The goals of the rules are to prevent adjudication visible to the viewer, and to insure against any ambiguity in answers that could be disputed publicly later. The reason for this stems from the game show scandals of the 1950s and the standards and practices departments of the television networks. If you or your players had to sign a contestant release form, the origin of that document is in standards and practices. While the station for this competition is local and may not have anyone with that standards and practices title, the functionality of that office exists.
What that also means is that those rules may have an influence over the content of the questions as written. If the show has been burnt by the exact definition of England versus Great Britain versus the United Kingdom of Great Britain and Northern Ireland in a question, it may refrain from having that as an answer line. A country that changes its name, like Myanmar or eSwatini, will always have the old name as part of the clues of the question, to prevent the old name from being a valid answer to be given. This sort of thing gives us angles of attack on the possible clues that must be given, and the answers that will not be sought in a televised round. Understanding that both of those pressures exist is an advantage to apply.

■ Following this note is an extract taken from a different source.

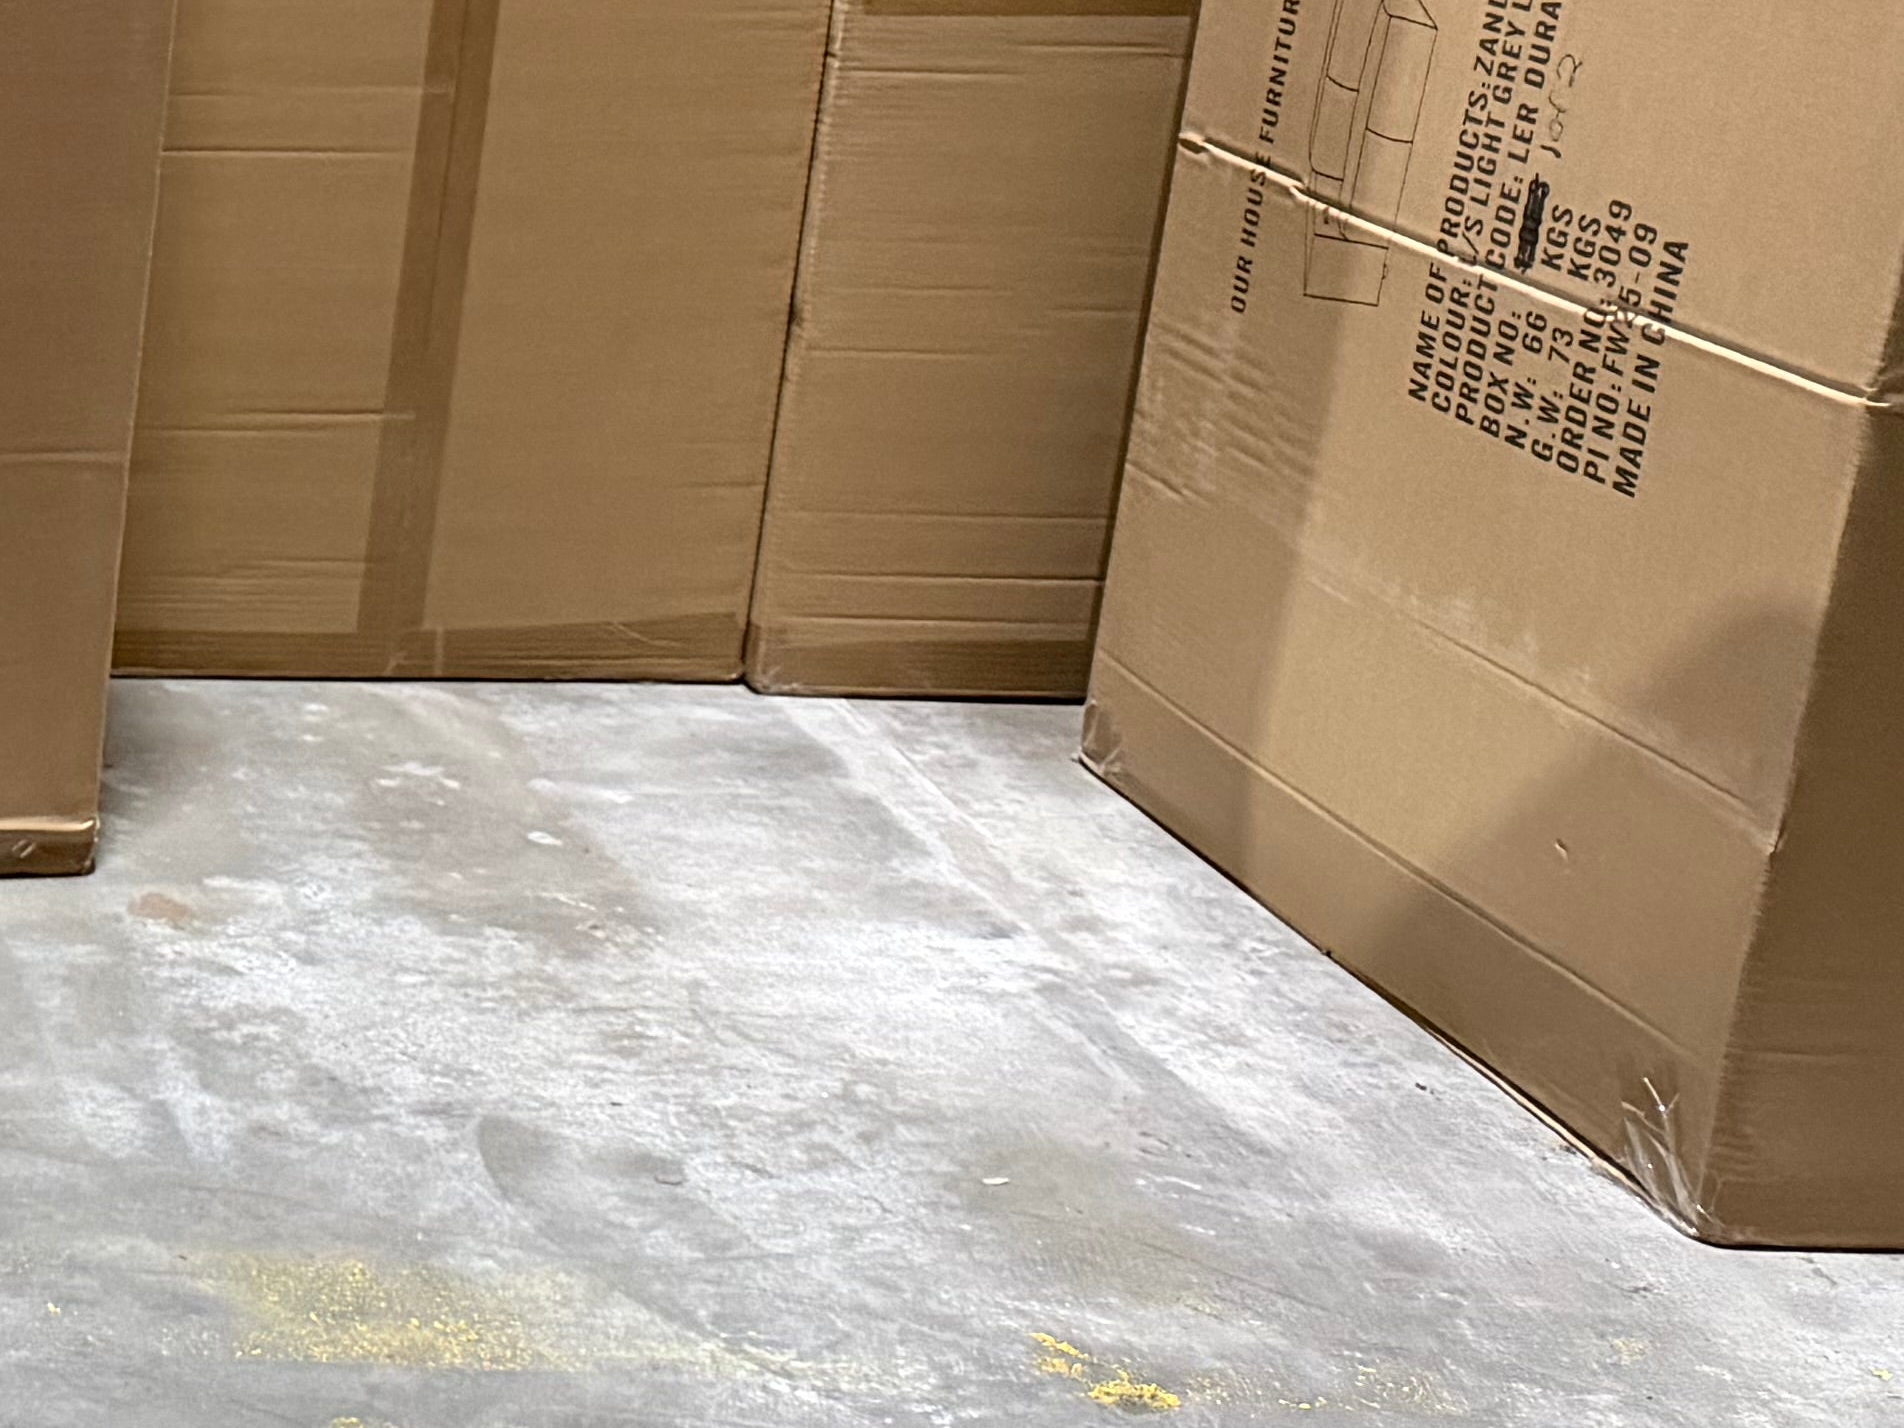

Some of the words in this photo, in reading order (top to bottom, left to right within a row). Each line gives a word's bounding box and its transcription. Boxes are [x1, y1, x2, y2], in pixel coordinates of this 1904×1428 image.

Expecting to be prompted on a television show is a crapshoot and should be regarded as a desperation play when you have nothing better. In addition to knowing Standards and Practices exists, one must be aware of a little phrase “portions of the program not affecting the outcome may have been edited.” This means that as long as the decisions leading to an adjudication didn’t change, what you see on the screen may not reflect reality. Consider a question where the team answers Charles, when the full answer on the page is Charles III. Whether that is accepted, prompted for the regnal number, or rejected is dependent on the rules and upon the judge in the studio. The rules have precedence if there’s an applicable example. If the rules don’t give guidance on that specific case, the judge has precedence; and here’s a dirty little secret, the judge may lack that specific piece of expertise to know whether to accept, reject, or prompt. All of those outcomes could happen. And at that point, it’s possible that the adjudication falls under a portion of the program not affecting the outcome.

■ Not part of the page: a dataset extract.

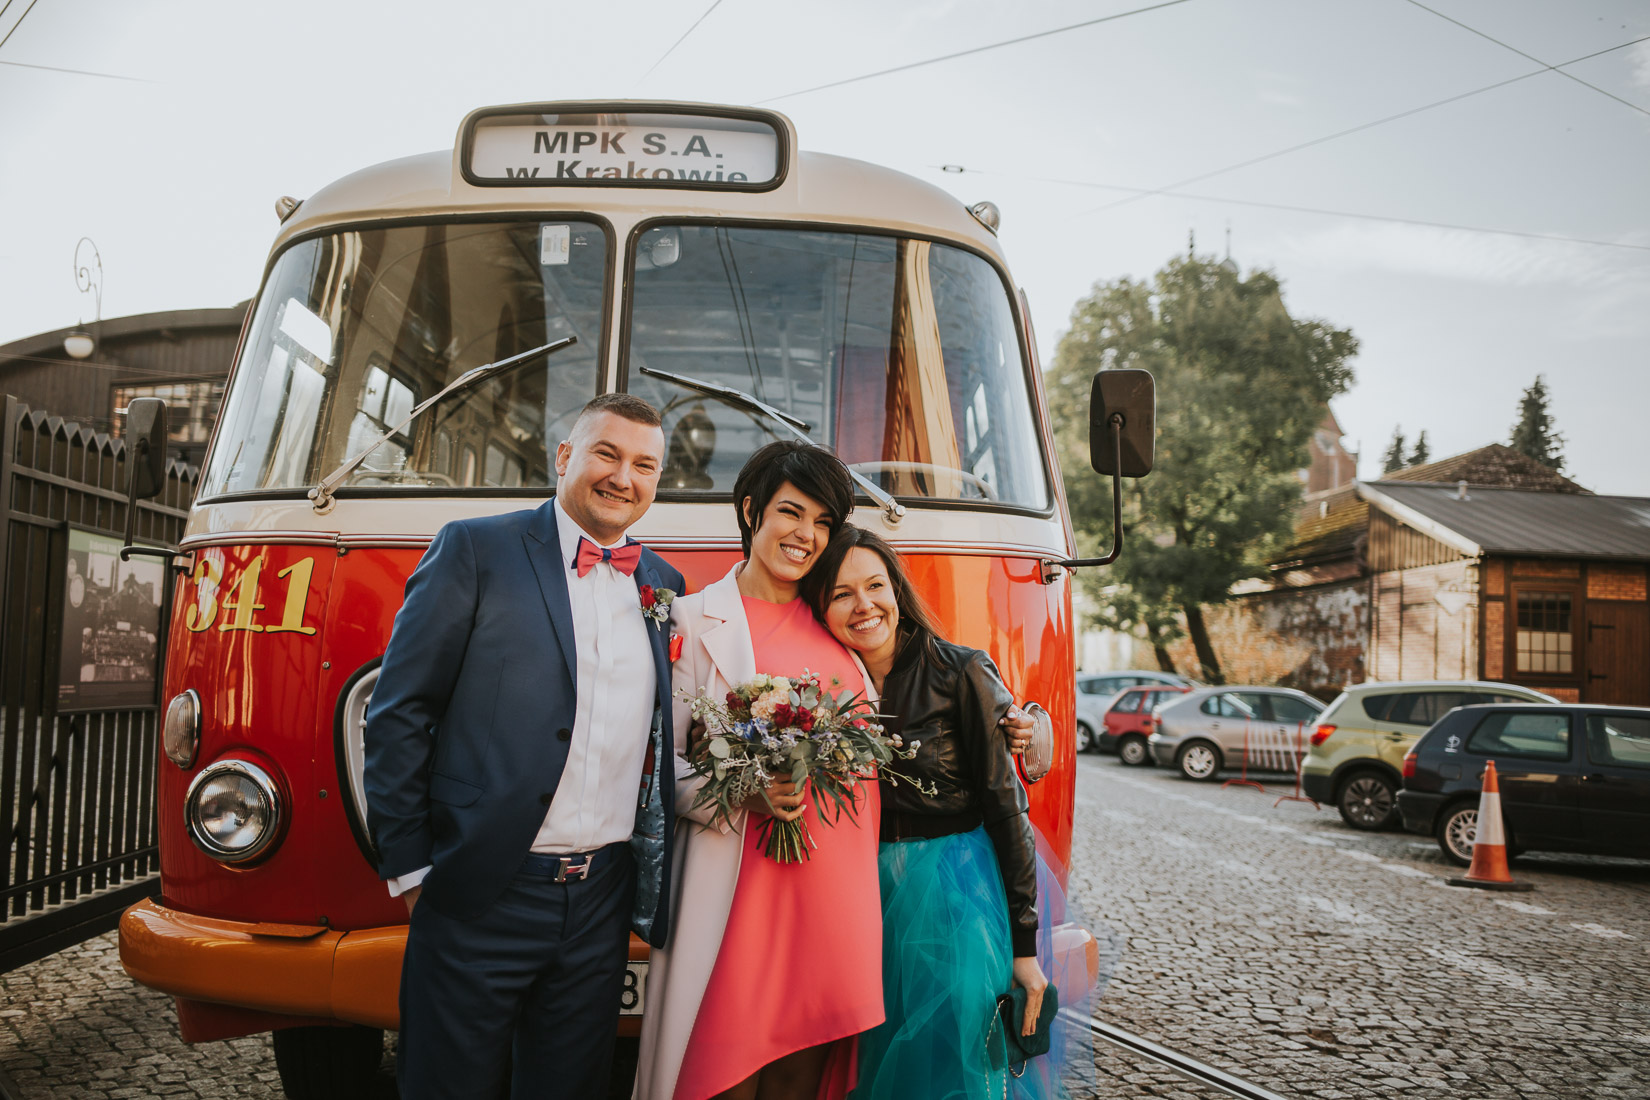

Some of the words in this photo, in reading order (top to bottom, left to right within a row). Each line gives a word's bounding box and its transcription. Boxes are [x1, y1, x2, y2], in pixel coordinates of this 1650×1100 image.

This is the point where it’s a crapshoot, because you as coach have to base your expectations on what you the viewer saw. If adjudication is visible to the viewer, there was an incident, and it was not something that could be papered over with editing. All those adjudications where the answer could be rerecorded to sound clearer for audio, or the moderator could ask them to clarify are hidden behind video cuts. You as the viewer don’t know how much of that’s there. You as the first-time coach don’t know how much of that’s there. Only after you live through a taping can you guess at how much of that is present.

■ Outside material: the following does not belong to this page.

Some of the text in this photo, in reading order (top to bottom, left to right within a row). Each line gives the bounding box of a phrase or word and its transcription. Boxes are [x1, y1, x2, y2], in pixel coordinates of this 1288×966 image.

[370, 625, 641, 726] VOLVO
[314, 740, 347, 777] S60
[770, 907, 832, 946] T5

Where correctness is designed to be short for the judge in televised competition, it’s designed to be as accurate to the situation as possible on the circuit. Just looking at the correctness guidelines here: https://www.naqt.com/rules/correctness-guidelines.html , we see the case law nature of it, which makes sense given each item was a situation that needed to be clarified in some match. There is no time cost to the decisions on the circuit, so even if the moderator as judge doesn’t know the applicable point, the applicable point can be found and applied by someone.